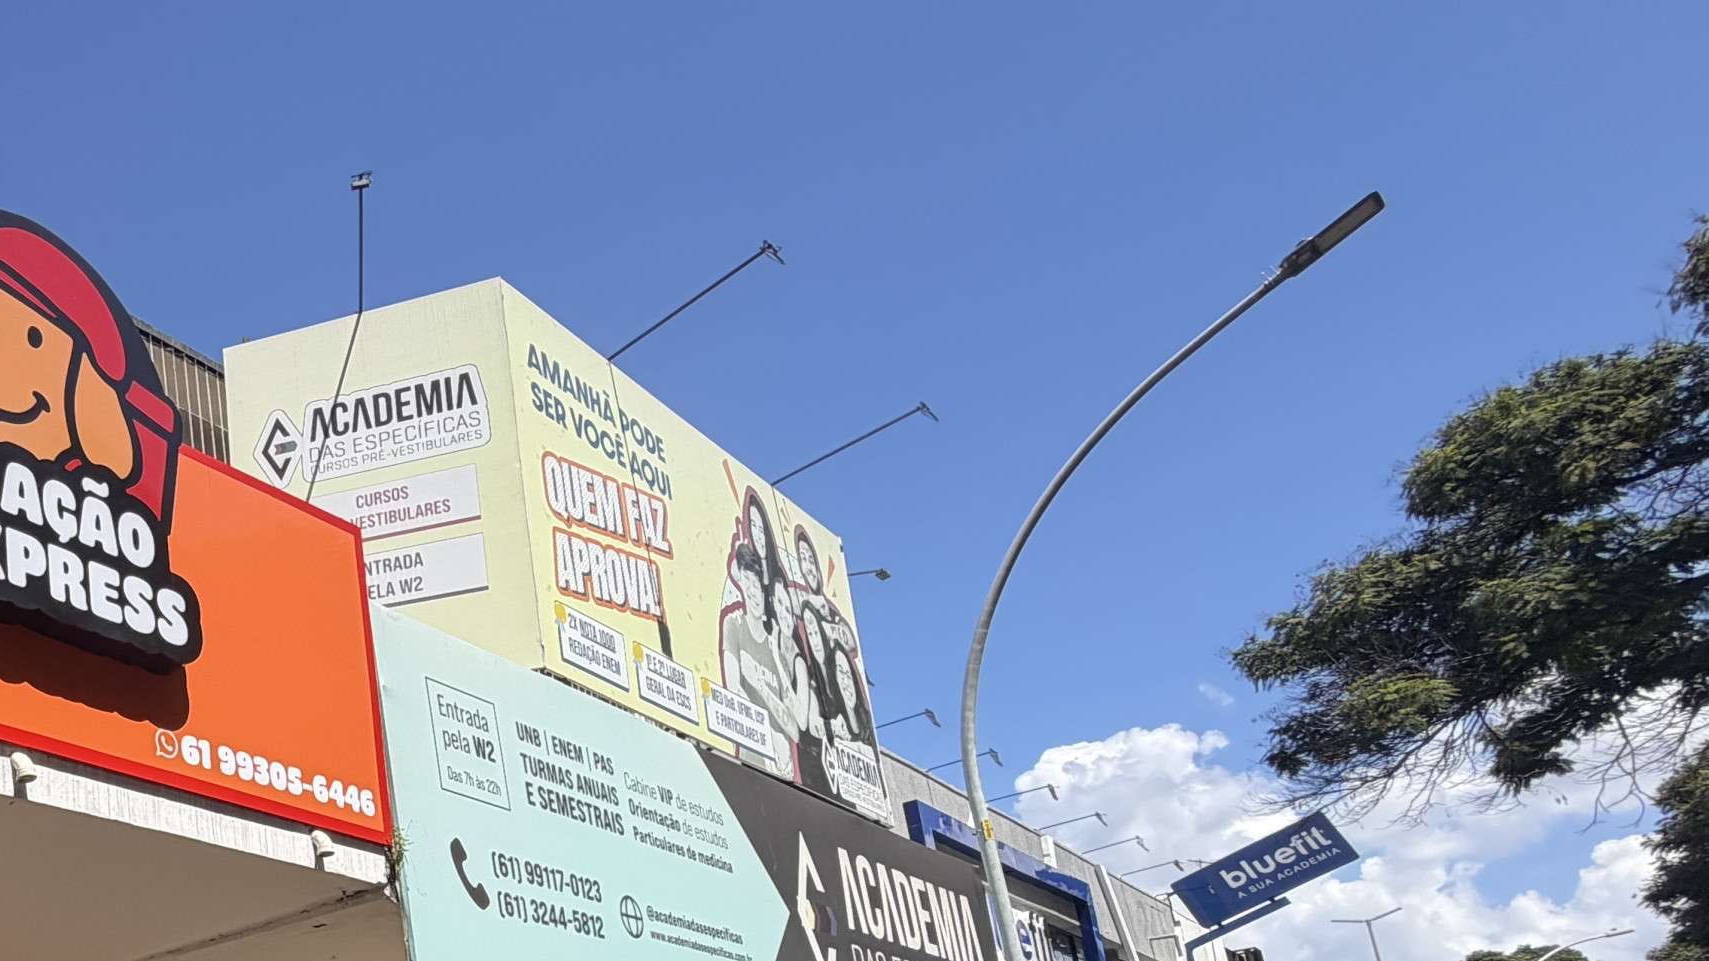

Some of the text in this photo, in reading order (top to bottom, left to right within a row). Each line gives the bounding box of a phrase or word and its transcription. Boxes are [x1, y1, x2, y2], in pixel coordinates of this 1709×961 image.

[309, 372, 479, 443] ACADEMIA
[527, 343, 667, 463] AMANHÃ PODE
[309, 410, 482, 464] DAS ESPECÍFICAS
[310, 429, 484, 477] CURSOS PRÉ-VESTIBULARES
[530, 381, 673, 500] SER VOCÊ AQUI
[355, 485, 410, 509] CURSOS
[543, 454, 671, 554] QUEM FAZ
[399, 576, 424, 594] W2
[579, 618, 598, 642] NOTA
[568, 637, 621, 676] REDAÇÃO ENEM
[436, 693, 490, 734] Entrada
[442, 727, 498, 764] pela W2
[515, 720, 615, 776] UNB ENEM PAS
[180, 734, 376, 819] 61 99305-6446
[447, 765, 502, 797] Das 7h 22h
[519, 752, 621, 807] TURMAS ANUAIS
[623, 771, 726, 826] Cabine VIP de estudos
[524, 781, 626, 837] E SEMESTRAIS
[627, 798, 730, 850] Orientação de estudos
[631, 825, 735, 874] Particulares de medicina
[1219, 826, 1333, 889] bluefit
[1237, 848, 1342, 900] A SUA ACADEMIA
[490, 851, 603, 903] (61) 99117-0123
[496, 890, 606, 940] (61) 3244-5812

* _TASK DETAILS_:
Skipping the images, write out the whole listing exactly.

* _TASK RESPONSE_:
Some of the text in this photo, in reading order (top to bottom, left to right within a row). Each line gives the bounding box of a phrase or word and its transcription. Boxes are [x1, y1, x2, y2], in pixel coordinates of this 1709×961 image.

[309, 372, 479, 443] ACADEMIA
[527, 343, 667, 463] AMANHÃ PODE
[309, 410, 482, 464] DAS ESPECÍFICAS
[310, 429, 484, 477] CURSOS PRÉ-VESTIBULARES
[530, 381, 673, 500] SER VOCÊ AQUI
[355, 485, 410, 509] CURSOS
[543, 454, 671, 554] QUEM FAZ
[399, 576, 424, 594] W2
[579, 618, 598, 642] NOTA
[568, 637, 621, 676] REDAÇÃO ENEM
[436, 693, 490, 734] Entrada
[442, 727, 498, 764] pela W2
[515, 720, 615, 776] UNB ENEM PAS
[180, 734, 376, 819] 61 99305-6446
[447, 765, 502, 797] Das 7h 22h
[519, 752, 621, 807] TURMAS ANUAIS
[623, 771, 726, 826] Cabine VIP de estudos
[524, 781, 626, 837] E SEMESTRAIS
[627, 798, 730, 850] Orientação de estudos
[631, 825, 735, 874] Particulares de medicina
[1219, 826, 1333, 889] bluefit
[1237, 848, 1342, 900] A SUA ACADEMIA
[490, 851, 603, 903] (61) 99117-0123
[496, 890, 606, 940] (61) 3244-5812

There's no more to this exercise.